I can say that I know his world views very well; the perspective on life of this friend of mine, who I am proud to have known and to have worked with. He is a person with a categorically negative view toward the Gülen community. Also, as certain liberal and leftist journalists and writers have done, he did not flirt with the community in the past; he set up a thick wall between himself and them. 

Gürsel was able to convey a public message through main opposition Republican People’s Party (CHP) deputy Utku Çakırözler, who visited him in Silivri Prison last week. Gürsel totally rejected the claims and had a logical explanation on how the prosecutor had based these accusations.  

What Gürsel remembered was that in 2014, when the wave of mass arrests of Gülenists started, he received hundreds of text messages on his mobile phone from what he believed were from Fethullahists asking him to take action. At that time, Gürsel was an active journalist, hosting a television show. These short messages may have been considered as communication. “But I never contacted them. I did not even answer them. It is against the natural flow of life that I am in contact with so many people from different professions and in different regions of Turkey,” he said. 

Another aspect our colleague has suspected is that there could be ByLock users and thus FETÖ suspects among his 350,000 odd followers on Twitter who may have retweeted his posts, which might have prompted the prosecutor to regard them as “contacts.” 

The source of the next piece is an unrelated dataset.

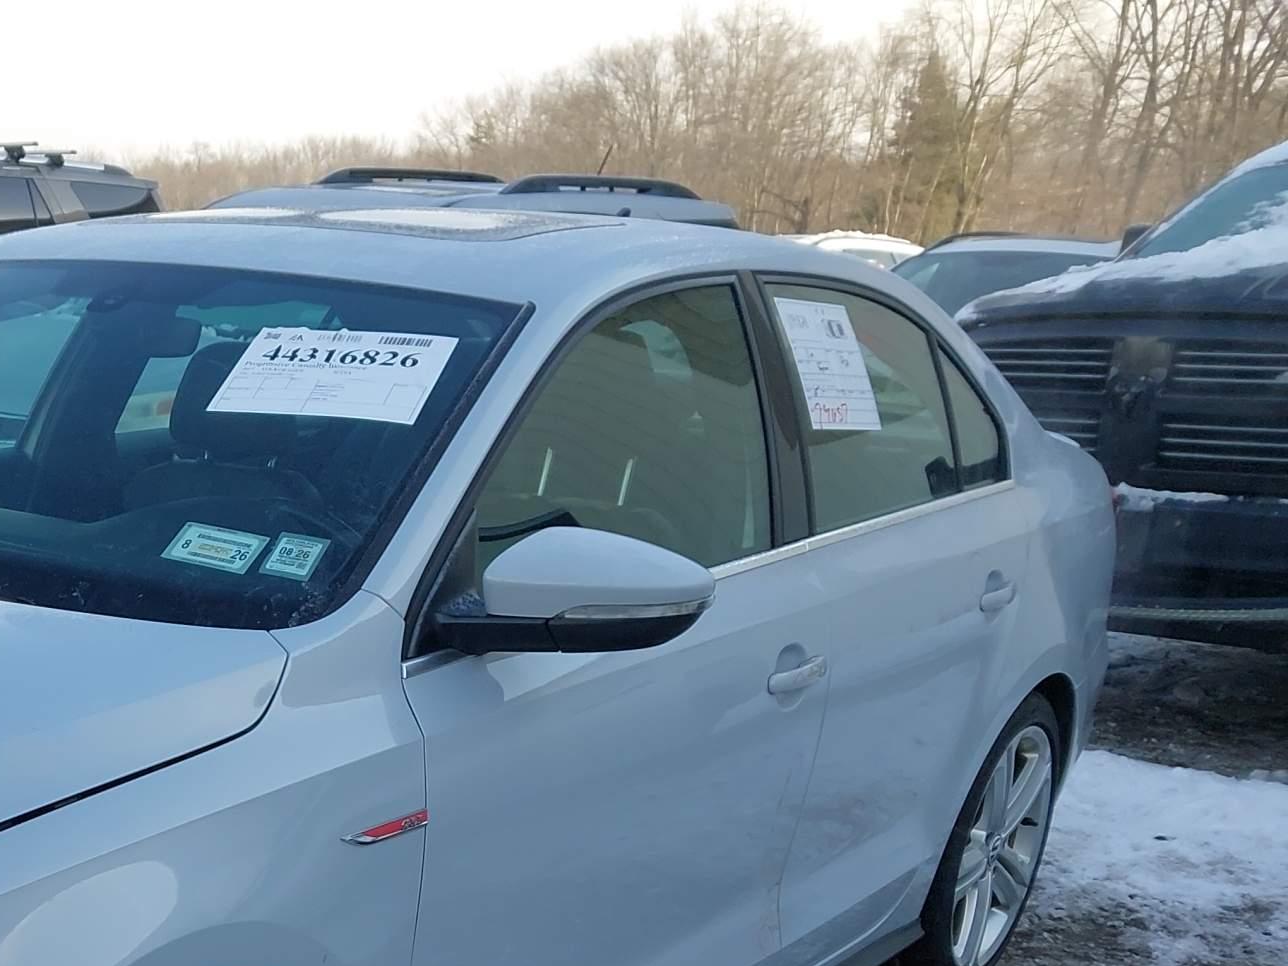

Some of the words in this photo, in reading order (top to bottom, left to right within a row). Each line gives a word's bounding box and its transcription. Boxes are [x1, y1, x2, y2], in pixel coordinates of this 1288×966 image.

[262, 344, 421, 368] 44316826
[181, 539, 193, 550] 8
[229, 549, 250, 562] 26

Gürsel called on the judiciary to explain the nature of the communication. “Did they call me, did they send a message, or did they retweet? Or have I called them?” he asked.  

This is more than a Kadri Gürsel problem; it is a problem concerning every citizen. The messages you have posted on social media can be shared and multiplied by people you don’t know. If there is a person who has downloaded the ByLock program on their cell phones among those who shared your tweet, does this mean you are associated to FETÖ? 

Let us not forget there are more than 200,000 ByLock users in Turkey. This is a dangerous path for all Turkish citizens, since it contains the possibility that the text messages sent to your phone can be used as a criminal charge against you some day. 

Apparently it has become a legal routine for prosecutors to accuse any citizen using social media for messages that they are at the passive recipient end of. 

“A message you get on your cell phone, the sharing of your messages that you have posted on social media or receiving an email on your email account and that this action was done by a person who is a ByLock user do not constitute any criminal liability from your point of view. Moreover, a ByLock user may call you and you can pick up, you can listen to him and talk to him. The important aspect here is whether there is a criminal intention there. For it to have criminal intentions, you should know that that person is a ByLock user; also you should be aware that the communication set up with you is affiliated with the illegal ByLock activity or a criminal activity. Only then there could be a criminal intention. In Gürsel’s case, none of these are true,” Gürsel’s lawyer Köksal Bayraktar said.  

Since there is a dangerous trend here, which could happen to any citizen, I especially wanted to focus on this aspect of the indictment.